Upregulation of microglial receptors have also been observed in ALS. Increased expression of toll-like receptors TLR2 and TLR4 and co-receptor CD14 has been reported in post-mortem ALS spinal cord tissue (Henkel et al., 2004; Casula et al., 2011). Transfection of mSOD1 in microglial-like cells has been reported to result in activation of TLR2 (Liu et al., 2009), while deletion of TLR4 improved hindlimb strength and extended lifespan of mSOD1 mice (Lee et al., 2015). Furthermore, activation of proinflammatory signalling resulting from incubation of primary microglia with either mSOD1 (Zhao et al., 2010) or TDP-43 (Zhao et al., 2015) occurred via a CD14-dependent mechanism. The neuroregulin receptor 1 (NRGR1) has been associated with microglial toxicity in ALS as pharmacological inhibition reduced motor neuron death and microglial activation and delayed disease onset and progression in mSOD1 mice (Liu et al., 2018). Increased expression of several purinergic receptors has also been reported in mSOD1 microglia (D'Ambrosi et al., 2009; Cieślak et al., 2019). While P2X7 was implicated in motor neuron death as antagonism of microglial P2X7 rescued SH-SY5Y motor neuron like cells (D'Ambrosi et al., 2009), a more complex role for the P2X7 receptor has been proposed. While knockout of P2X7 accelerated disease in mSOD1 mice (Apolloni et al., 2013), antagonism immediately preceding the onset of symptoms partially ameliorated motor neuron loss and inflammation (Apolloni et al., 2014). Likewise, a dual role for the cystine/glutamate antiporter xCT, which is enriched in microglia, has been proposed as deletion of this receptor in mSOD1 mice initially hastened motor deficits but prolonged the later stages of disease (Mesci et al., 2015).
The transcription factor NF-κB is a master regulator of inflammatory responses that has been linked to microglial involvement in ALS models (Frakes et al., 2014).

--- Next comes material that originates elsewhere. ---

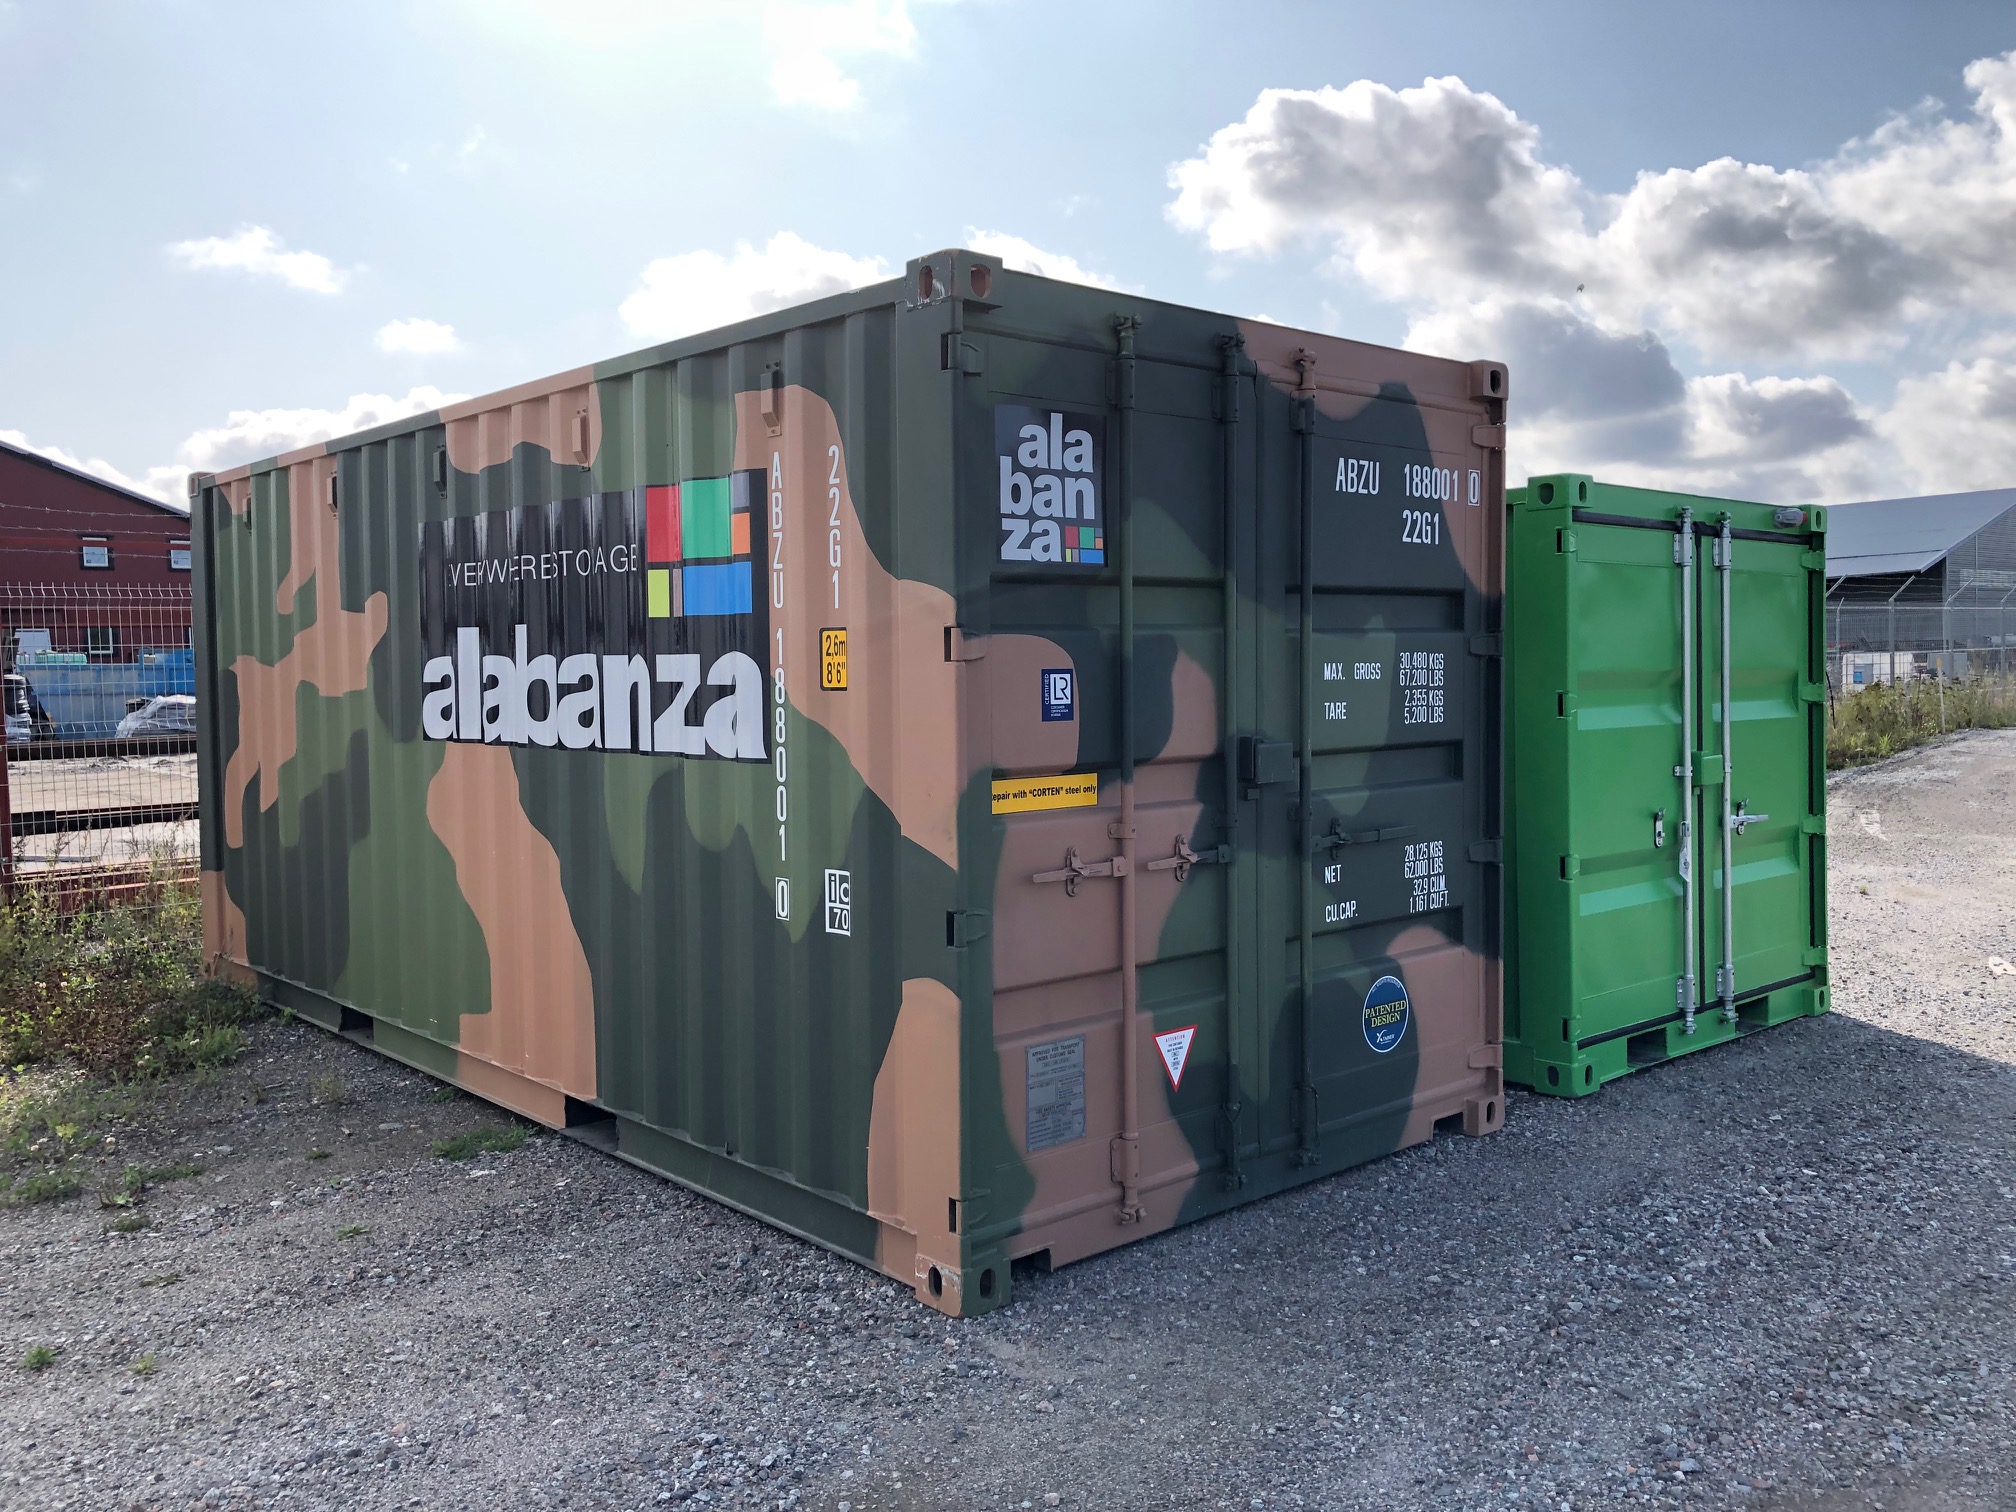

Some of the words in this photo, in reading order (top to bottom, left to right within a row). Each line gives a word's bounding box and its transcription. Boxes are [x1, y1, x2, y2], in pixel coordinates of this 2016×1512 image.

Several receptor complexes can cause the activation of NF-κB through phosphorylation of the p65 subunit, resulting in the translocation of NF-κB to the nucleus and the upregulation of several proinflammatory factors. Increased phosphorylated p65 has been shown to correlate with disease progression in mSOD1 mice and inhibition of microglial-specific NF-κB extended lifespan of mSOD1 mice (Frakes et al., 2014). Furthermore, inhibition of NF-κB rescued neurotoxicity of co-cultured mSOD1 microglia and reduced the levels of microglial proinflammatory cytokine release (Frakes et al., 2014). The mechanism of mSOD1 activation of NF-κB is not fully understood, but it has been suggested that the microRNA, miR-125b, promotes the activation of NF-κB in microglia by inhibiting the ubiquitin editing enzyme, A20 (Parisi et al., 2016). TDP-43 has also been shown to interact with and activate NF-κB (Swarup et al., 2011b). Inhibition of NF-κB was sufficient to improve motor neuron survival in a TDP-43 overexpressing mouse model (Swarup et al., 2011b). Furthermore, incubation of microglia with exogenous TDP-43 activated NF-κB and caused motor neuron death in co-culture (Zhao et al., 2015).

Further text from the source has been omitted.